Restate the data exactly, with nothing altered.

(GIVEN DATA begins)

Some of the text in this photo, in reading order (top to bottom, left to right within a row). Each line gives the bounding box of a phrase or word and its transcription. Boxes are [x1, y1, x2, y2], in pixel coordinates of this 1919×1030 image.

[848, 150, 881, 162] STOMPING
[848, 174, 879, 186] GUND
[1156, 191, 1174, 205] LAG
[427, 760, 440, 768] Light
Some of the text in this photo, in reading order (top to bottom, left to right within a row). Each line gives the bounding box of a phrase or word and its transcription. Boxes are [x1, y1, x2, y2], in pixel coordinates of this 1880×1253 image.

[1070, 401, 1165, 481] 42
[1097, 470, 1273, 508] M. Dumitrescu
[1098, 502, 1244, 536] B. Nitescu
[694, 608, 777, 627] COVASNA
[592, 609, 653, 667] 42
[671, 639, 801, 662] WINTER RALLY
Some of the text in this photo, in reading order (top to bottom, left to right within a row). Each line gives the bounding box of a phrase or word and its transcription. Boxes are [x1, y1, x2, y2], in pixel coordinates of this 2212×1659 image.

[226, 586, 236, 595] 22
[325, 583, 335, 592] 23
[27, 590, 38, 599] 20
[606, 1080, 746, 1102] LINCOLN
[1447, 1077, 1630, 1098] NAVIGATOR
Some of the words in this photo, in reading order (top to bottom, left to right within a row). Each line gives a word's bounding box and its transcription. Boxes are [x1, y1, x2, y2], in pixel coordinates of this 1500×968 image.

(GIVEN DATA ends)

§ SOLUTION TO THIS EXERCISE
Some of the text in this photo, in reading order (top to bottom, left to right within a row). Each line gives the bounding box of a phrase or word and its transcription. Boxes are [x1, y1, x2, y2], in pixel coordinates of this 1919×1030 image.

[848, 150, 881, 162] STOMPING
[848, 174, 879, 186] GUND
[1156, 191, 1174, 205] LAG
[427, 760, 440, 768] Light
Some of the text in this photo, in reading order (top to bottom, left to right within a row). Each line gives the bounding box of a phrase or word and its transcription. Boxes are [x1, y1, x2, y2], in pixel coordinates of this 1880×1253 image.

[1070, 401, 1165, 481] 42
[1097, 470, 1273, 508] M. Dumitrescu
[1098, 502, 1244, 536] B. Nitescu
[694, 608, 777, 627] COVASNA
[592, 609, 653, 667] 42
[671, 639, 801, 662] WINTER RALLY
Some of the text in this photo, in reading order (top to bottom, left to right within a row). Each line gives the bounding box of a phrase or word and its transcription. Boxes are [x1, y1, x2, y2], in pixel coordinates of this 2212×1659 image.

[226, 586, 236, 595] 22
[325, 583, 335, 592] 23
[27, 590, 38, 599] 20
[606, 1080, 746, 1102] LINCOLN
[1447, 1077, 1630, 1098] NAVIGATOR
Some of the words in this photo, in reading order (top to bottom, left to right within a row). Each line gives a word's bounding box and its transcription. Boxes are [x1, y1, x2, y2], in pixel coordinates of this 1500×968 image.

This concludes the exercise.